Bolan suppressed a grin. Slightly off to one side, parked in the place of honor, gleamed a brown Volvo station wagon with diplomatic plates.

“It’s beautiful,” Bolan acknowledged.

“Thank you.” She searched Bolan for sarcasm. “Maybe it would be best if I drove.”

“You don’t trust me?”

“I think it would be best if someone drove and someone shot.” She looked Bolan up and down with genuine appreciation. “I’m going to trust you on the shooting part.”

Bolan shrugged. “I’m thinking the airport is a death trap.”

“I agree.”

Bolan glanced eastward toward French Guiana. “It’s just under two hundred miles to Cayenne.”

“Have I shown you the embassy armory?” the station chief inquired. “It’s lovely.”

THE VOLVO FLEW through the rainforest. After passing Nieuw Amsterdam, the coastal highway had swung inland. They were about thirty miles from the Maroni River and the border with French Guiana. Lush jungle encroached on either side. It was high noon, and the heat was scorching. Sane people in South America spared themselves and their vehicles during this time of day. They passed few cars and saw even fewer people. It was a perfect place for an ambush, and if the enemy was going to do it, they would have to do it soon.

The outside temperature was more than one hundred degrees. It had rained buckets ten minutes earlier, but there was no sign of it save occasional steam rising out of the shelter of the jungle. The Volvo slid down the highway like a blissfully air-conditioned dream at a comfortable sixty-five miles per hour. Comfortable was the word. If Kiraly suddenly floored it, Bolan doubted much more would happen.

The car hit a pothole and the package tied to the luggage rack thumped on the roof, a metallic reminder.

Bolan watched the heat images shimmer on the road ahead. “I know the air-conditioning is on, but why don’t you open the windows?”

Kiraly hit the power windows and superheated air swept inside the car interior. The speed of the car did little to mitigate the heat. The sunroof slid open, and the sun blasted down like light through a magnifying glass.

“I see why you love this car,” Bolan said.

She shook her head decisively. “You’d better not get this car killed, or…” Her voice trailed off as she caught Bolan’s expression. “What?”

The soldier reached for his rucksack on the floor. “Here they come.”

In the side mirror Bolan could see a pickup truck pulling out of the heat mirages behind them. It was coming up very fast.

Four motorcycles fanned out around it like outriders of the Apocalypse.

“Drive,” Bolan commanded.

Kiraly put the pedal to the floor of her ten-year-old, four-cylinder station wagon. They weren’t going to drive their way out of this one.

The pickup was gaining steadily. The motorcycles flew forward like hornets. Each bike carried two men. One man drove; the man behind carried a gun.

They would be in range in seconds.

Bolan clicked down the folding metal foregrip on the Beretta 93-R. The detachable skeleton stock was already affixed. He flicked the machine pistol’s selector switch to 3-round-burst mode, grimacing as he turned in his seat. The gunners on the motorcycles were carrying FN-FAL rifles. The big battle rifles were easily capable of chewing a Volvo to pieces. Accuracy would be problematic, but the assassins probably weren’t worried about that.

They intended to drive right up and dump their weapons into the car on full-auto at point-blank range.

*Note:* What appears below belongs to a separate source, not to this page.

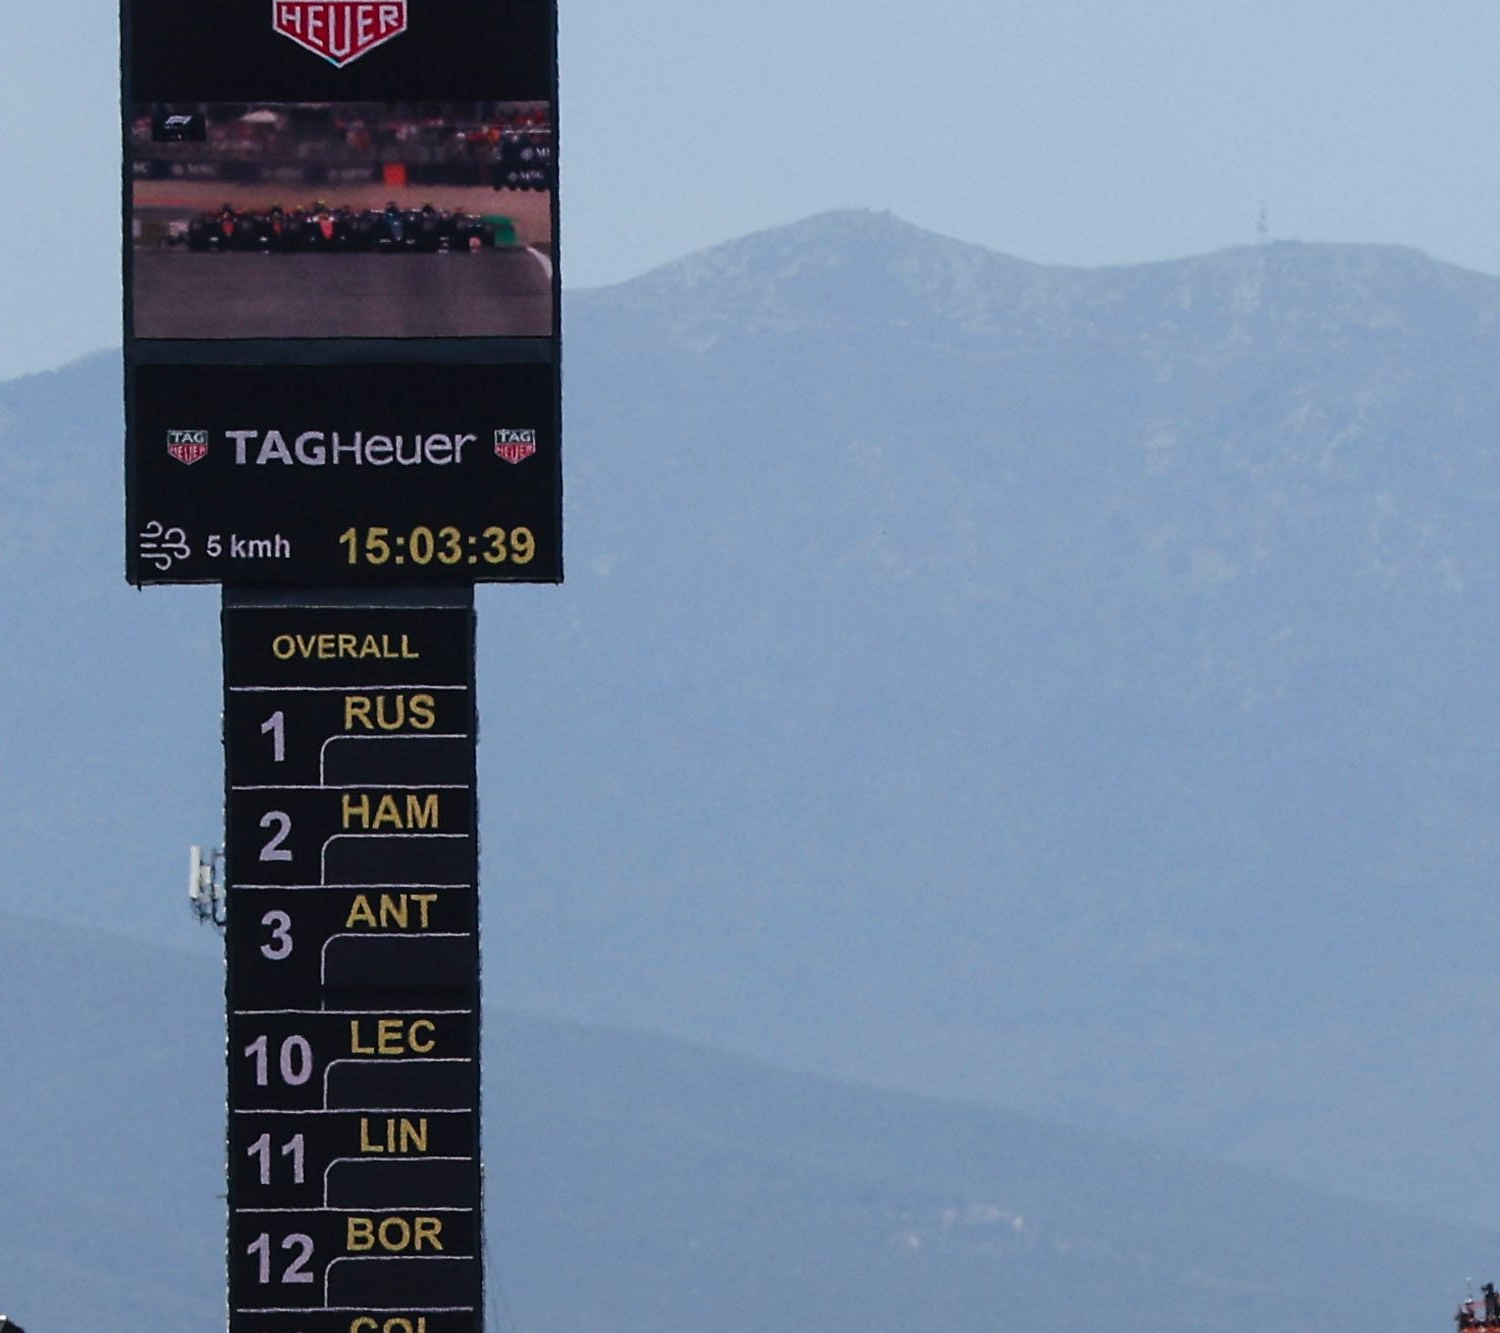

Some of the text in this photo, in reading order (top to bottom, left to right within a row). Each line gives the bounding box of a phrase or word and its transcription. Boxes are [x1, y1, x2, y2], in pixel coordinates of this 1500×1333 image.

Bolan stood up through the sunroof, shouldered his weapon and braced himself in the frame. The wind ripped at him as Kiraly pushed the car for all it was worth. Bolan roared over the searing wind, “Keep it straight!”

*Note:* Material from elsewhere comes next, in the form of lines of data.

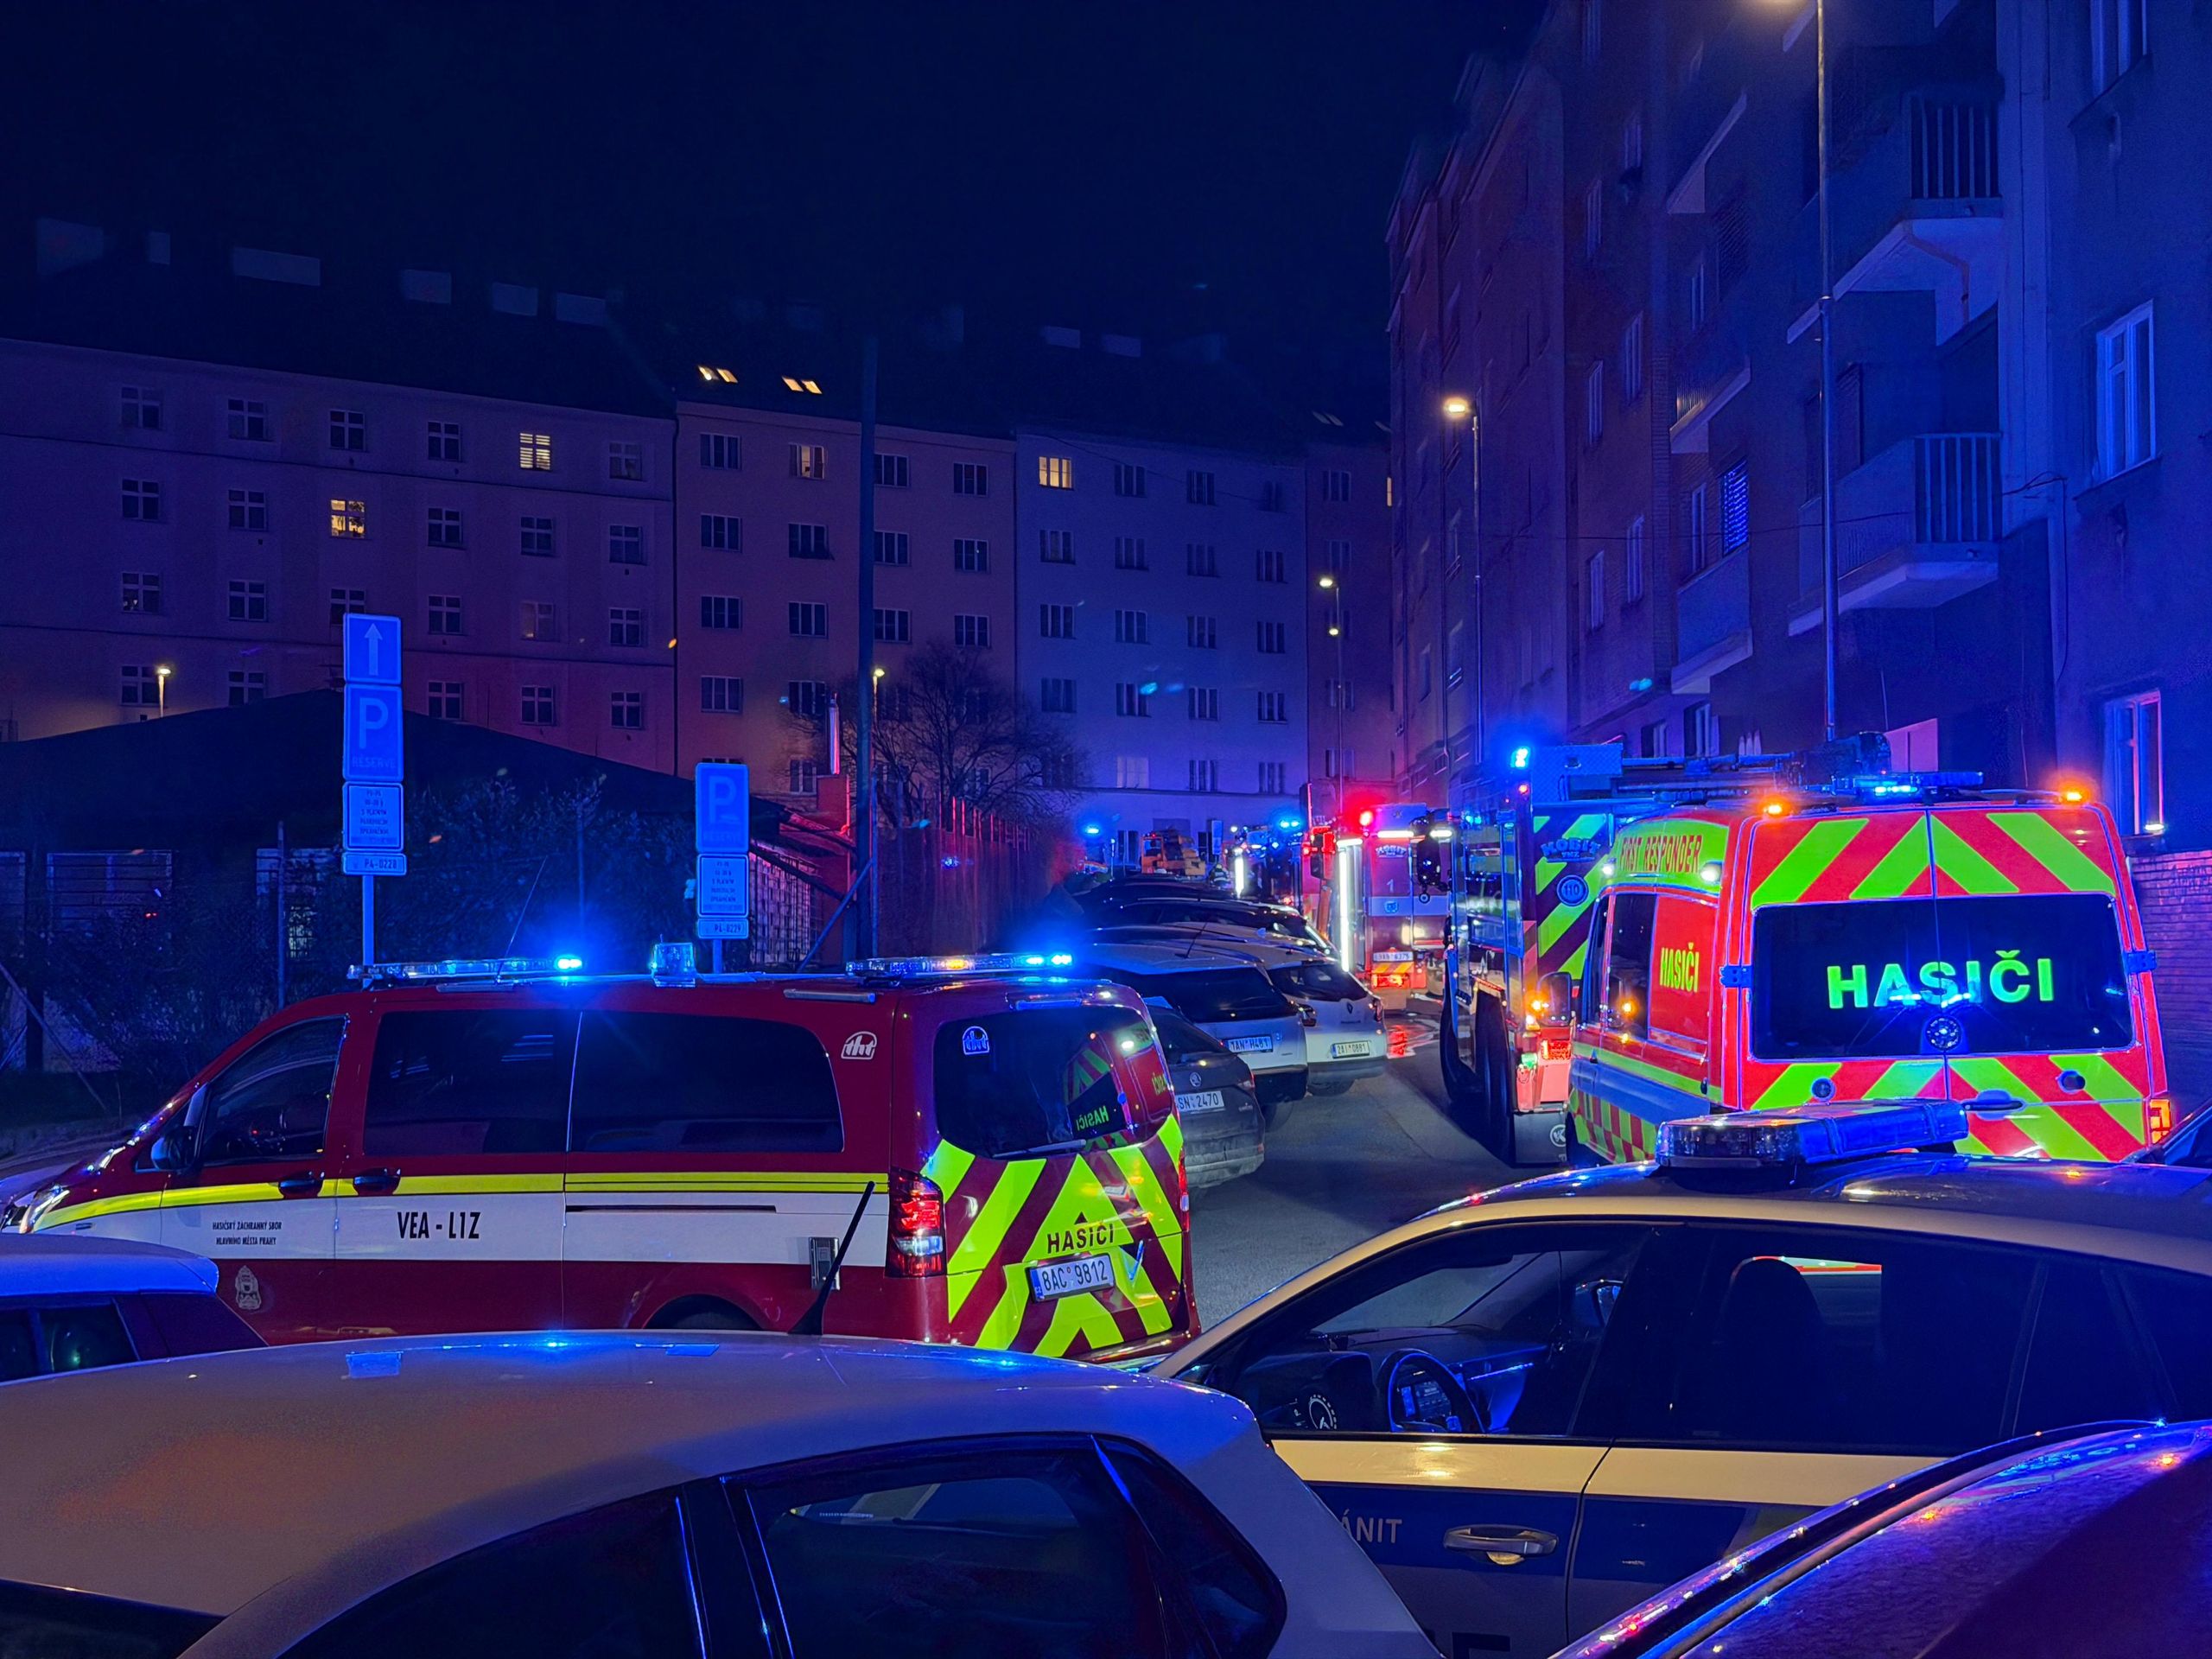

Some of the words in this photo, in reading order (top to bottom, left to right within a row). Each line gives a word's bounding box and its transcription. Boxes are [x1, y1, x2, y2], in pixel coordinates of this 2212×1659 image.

[359, 697, 388, 749] P
[709, 776, 736, 823] P
[1620, 837, 1642, 871] FIRST
[1643, 835, 1702, 873] RESPONDER
[1387, 878, 1394, 893] 1
[1660, 942, 1699, 993] HASIČI
[1827, 950, 2054, 1008] HASIČI
[1176, 1096, 1191, 1110] SN
[1196, 1093, 1219, 1108] 2470
[269, 1221, 282, 1230] SBOR
[397, 1211, 429, 1239] VEA
[448, 1211, 481, 1239] L1Z
[1041, 1267, 1067, 1292] 8AC
[1074, 1260, 1108, 1286] 9812

One of the motorcycles suddenly shot forward like an arrow. The driver’s face was lost behind the mirrored visor of his helmet. The gunner’s leer of blood lust was openly visible. He struggled to aim his weapon at the rear tires of the Volvo. Bullets ripped divots out of the road surface as his weapon hammered on automatic. The range was too long and the rifle too powerful to control, and his burst climbed away from his target.

The driver gunned his engine and shot forward to close the distance.

Bolan grimaced. Trying to shoot out the tires meant the enemy was going for a capture.

The gunner steadied himself for another burst. Bolan ignored him. He peered along the barrel, then squeezed his trigger.